Halamannya yang luas memang kerap dijadikan lapangan. Hamparan hijaunya begitu subur. Masa kecilnya, rumah ini begitu riuh dan penuh tawa, disetiap hari selalu ada yang bermain disana, sengaja orang rumah tidak mengunci pagar agar anak-anak bisa masuk dan bermain. Dahulu, sang Ayah juga membelikan gawang untuk Mahesa bermain lengkap dengan satu set perlengkapan bermain badminton.
Di pertengaham masa SMA nya, Mahesa sudah punya geng sendiri. Kalau di sekolah seringnya bertujuh, maka pulang sekolah mereka akan bergabung bersama Mahesa dan anak-anak komplek untuk ikut serta main bola. Tak jarang salah satu dari mereka kerap menginap dirumahnya karena jarak tempuh pulang terlalu jauh.
Mahesa tidak pernah kesepian. Atau lebih tepatnya masa kecil Mahesa selalu diisi dengan keseruan-keseruan yang tak ada habisnya. Keseruan itu berakhir kala Mahesa menginjak semester 2 di penghujung masa SMAnya. Mahesa ingat betul, pukul 5 pagi yang begitu mengigil, ia dibangunkan dengan derai air mata sang Kakak dengan bisikan yang begitu lirih.
"Sa, Mahesa.
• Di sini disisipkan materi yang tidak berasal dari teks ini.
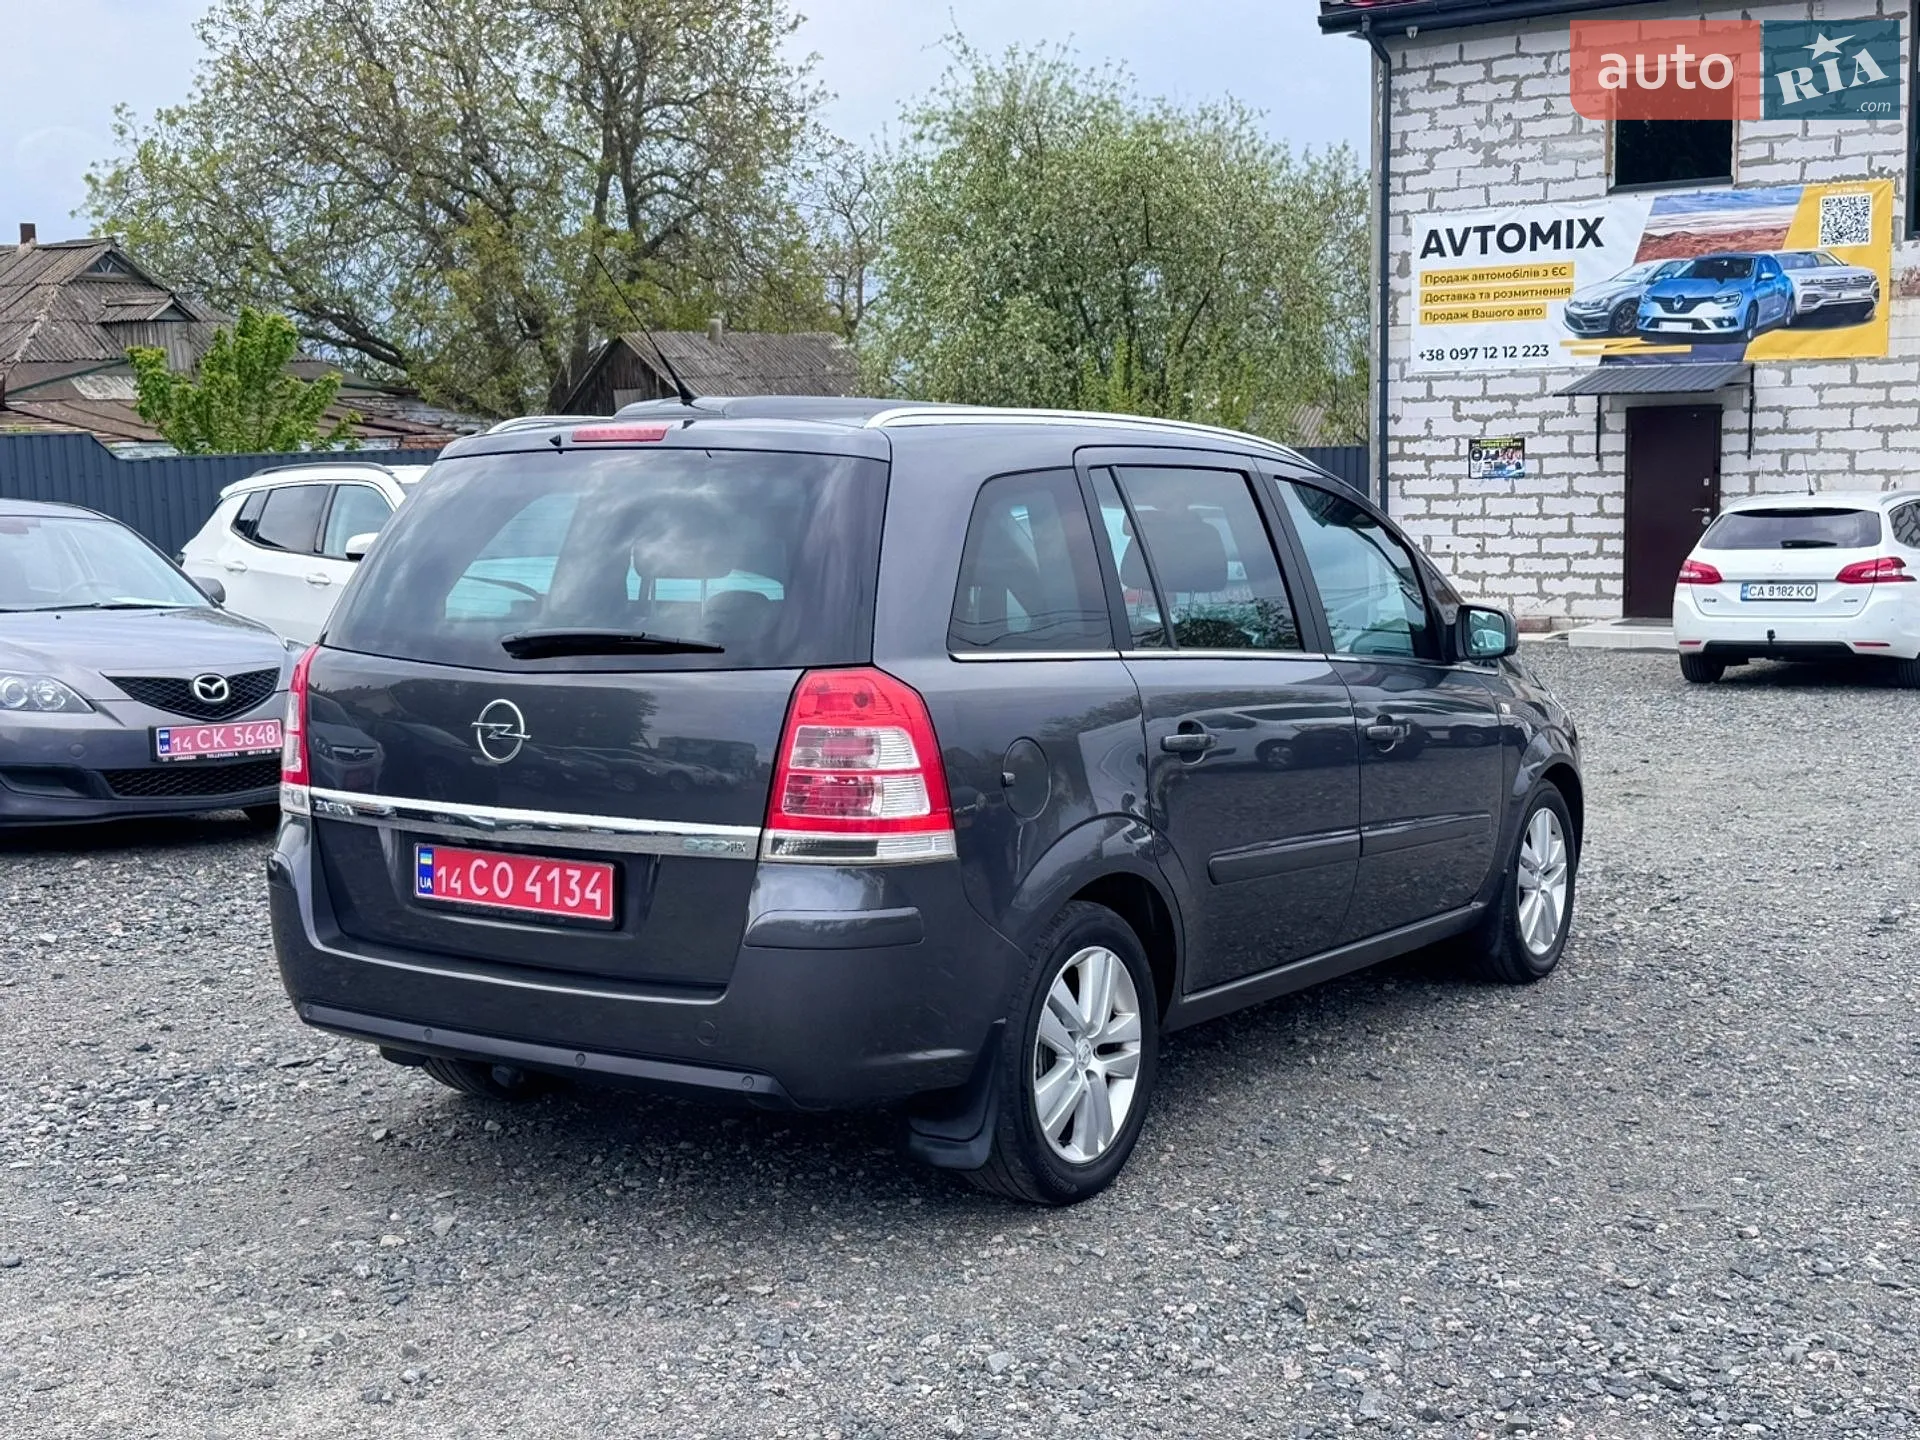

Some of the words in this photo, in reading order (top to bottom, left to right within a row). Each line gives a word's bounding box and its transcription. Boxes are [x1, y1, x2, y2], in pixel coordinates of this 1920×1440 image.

[1420, 217, 1604, 259] AVTOMIX
[1424, 274, 1470, 286] Продаж
[1471, 268, 1540, 281] автомобілів
[1551, 266, 1568, 277] ЄС
[1424, 292, 1476, 304] Доставка
[1478, 292, 1490, 300] та
[1493, 286, 1571, 301] розмитнення
[1424, 311, 1469, 323] Продаж
[1471, 308, 1515, 320] Вашого
[1517, 308, 1543, 317] авто
[1418, 349, 1445, 361] +38
[1450, 348, 1478, 361] 097
[1483, 347, 1498, 359] 12
[1502, 346, 1518, 358] 12
[1522, 344, 1550, 357] 223
[1749, 586, 1765, 597] CA
[1768, 586, 1795, 597] 8182
[1796, 586, 1814, 597] KO
[172, 736, 192, 751] 14
[197, 728, 227, 748] CK
[234, 724, 276, 746] 5648
[419, 877, 433, 890] UA
[436, 866, 462, 895] 14
[469, 858, 514, 899] CO
[524, 865, 602, 911] 4134
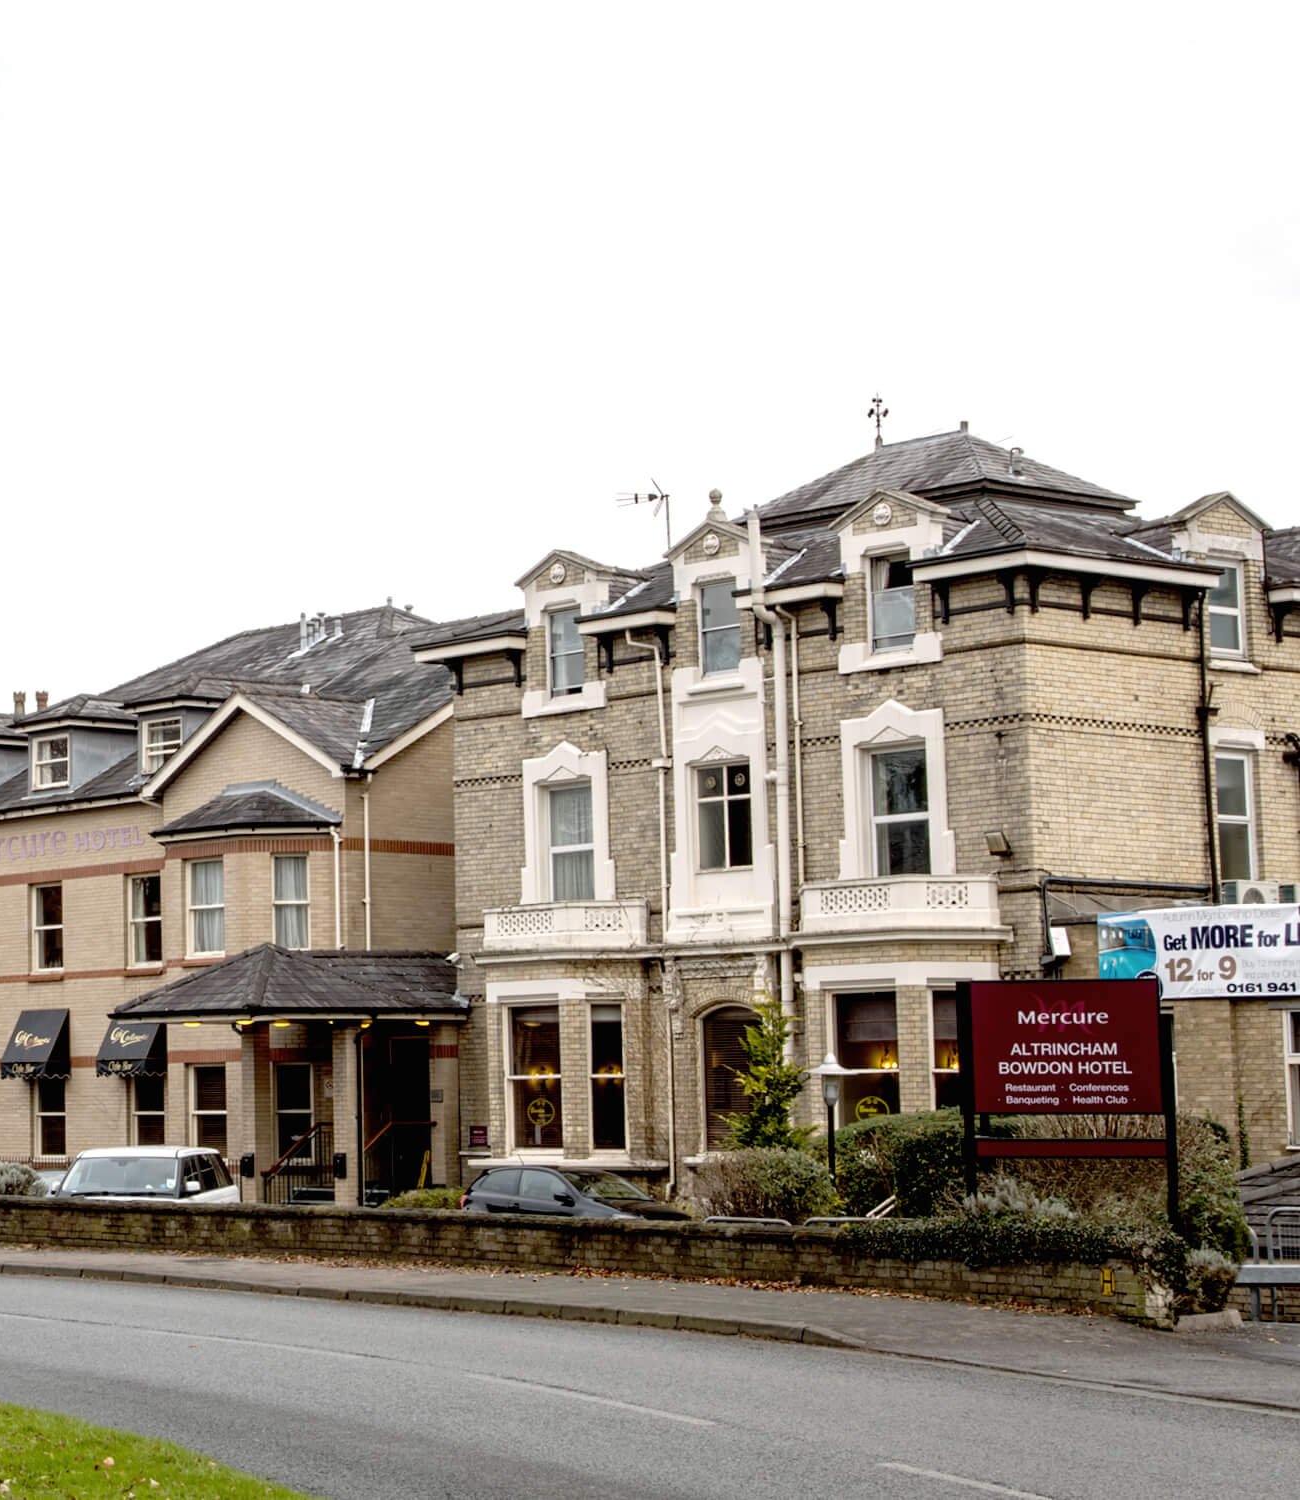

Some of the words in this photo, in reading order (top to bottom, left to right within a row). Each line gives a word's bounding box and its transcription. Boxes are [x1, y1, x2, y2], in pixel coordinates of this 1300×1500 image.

[76, 826, 145, 853] HOTEL
[1163, 934, 1187, 951] Get
[1190, 924, 1253, 950] MORE
[1257, 930, 1280, 948] for
[1165, 957, 1193, 982] 12
[1197, 969, 1215, 981] for
[1218, 955, 1237, 981] 9
[1226, 983, 1262, 993] 0161
[1267, 982, 1297, 993] 941
[1017, 1010, 1109, 1025] Mercure
[1010, 1042, 1118, 1056] ALTRINCHAM
[998, 1061, 1073, 1075] BOWDON
[1078, 1061, 1133, 1075] HOTEL
[1005, 1083, 1056, 1092] Restaurant
[1069, 1083, 1130, 1092] Conferences
[1006, 1096, 1060, 1106] Banqueting
[1072, 1095, 1103, 1104] Health
[1105, 1095, 1128, 1104] Club
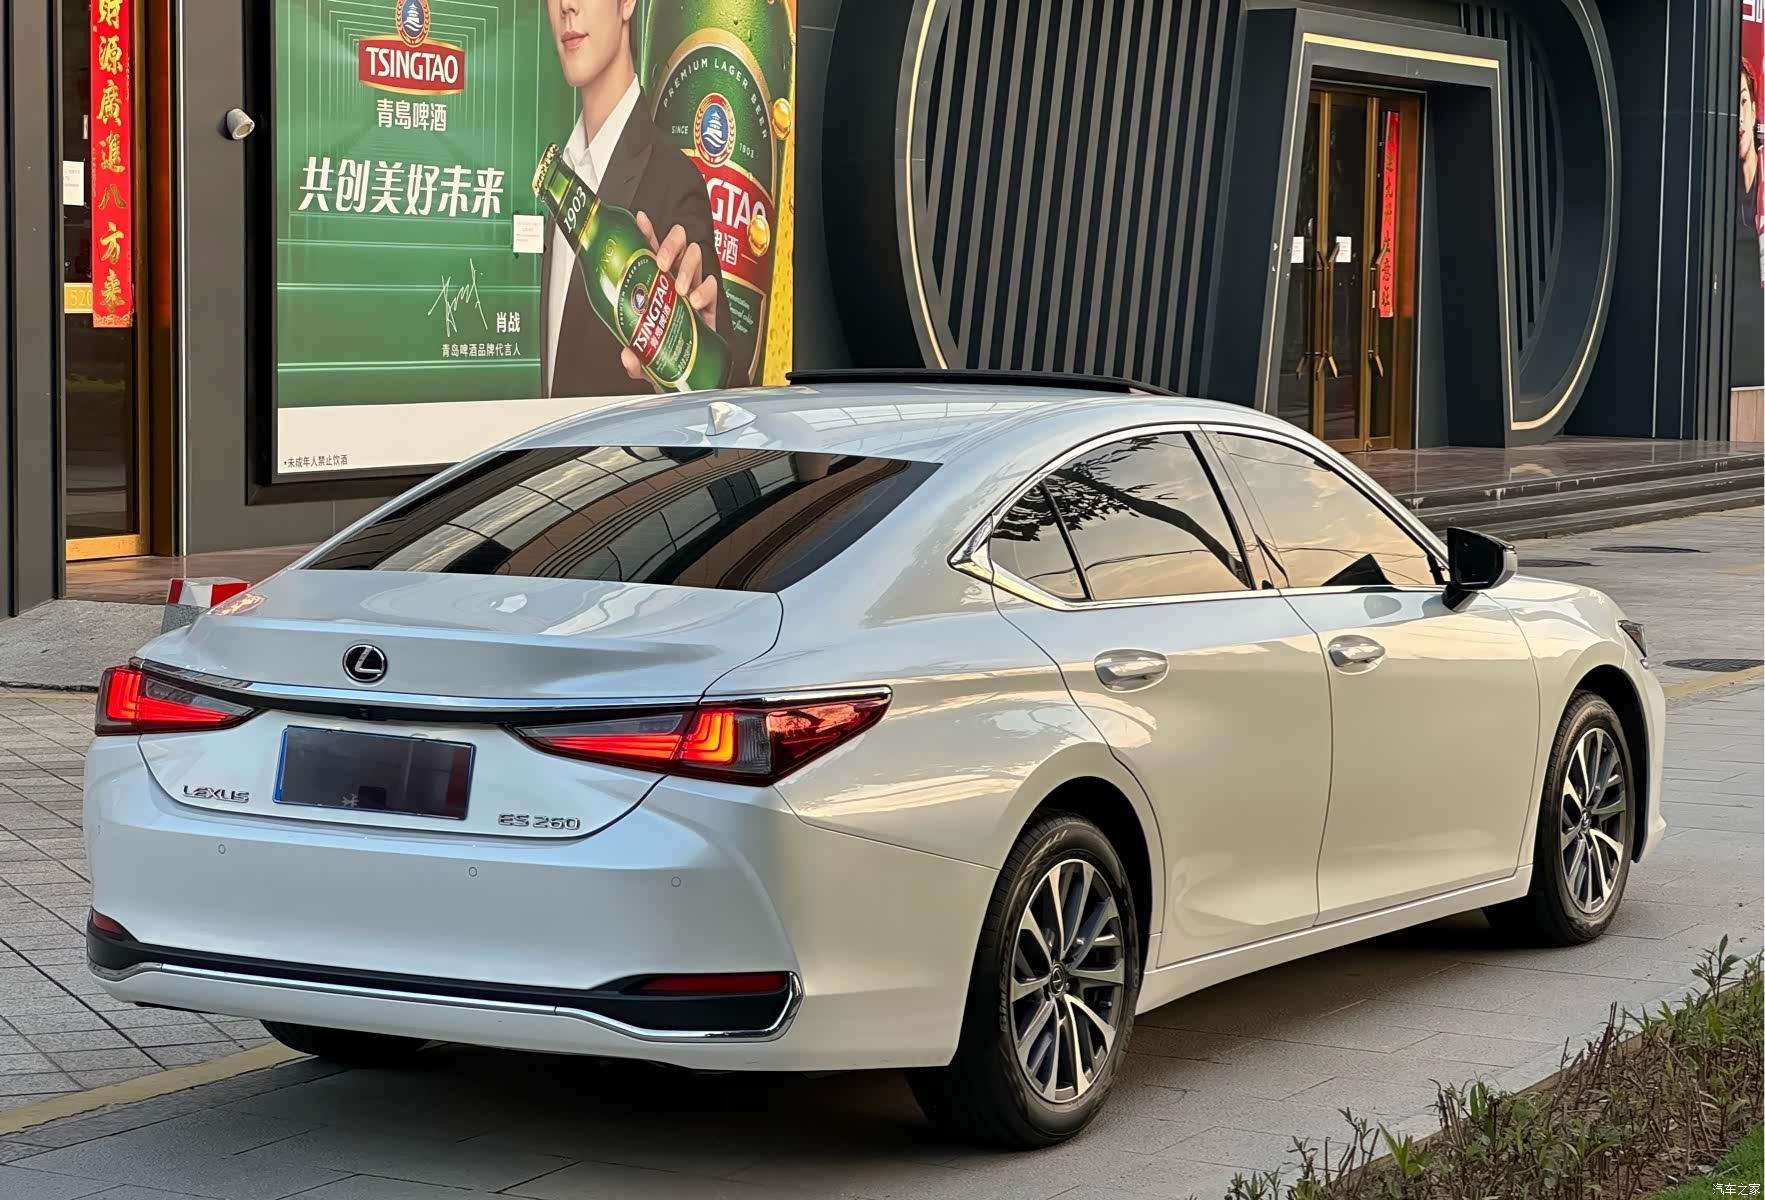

Bangun. Mama udah nggak ada."
Pagi itu, Mahesa tidak bisa menangis. Kepalanya terlalu berat untuk diajak berpikir, atau lebih tepatnya ia sudah tahu lebih dulu sebelum Karenina membangunkannya. Tadi malam, sebelum ia terlelap, sang ibu yang kala itu sudah berminggu-minggu terbaring sakit membisikkan salam perpisahan padanya. Meski Mahesa tidak ingin terlalu percaya, ternyata juga terselip secuil kepercayaan. Bahwa Mama tidak akan terus berada disisinya, menemaninya melewati masa dewasa yang melelahkan.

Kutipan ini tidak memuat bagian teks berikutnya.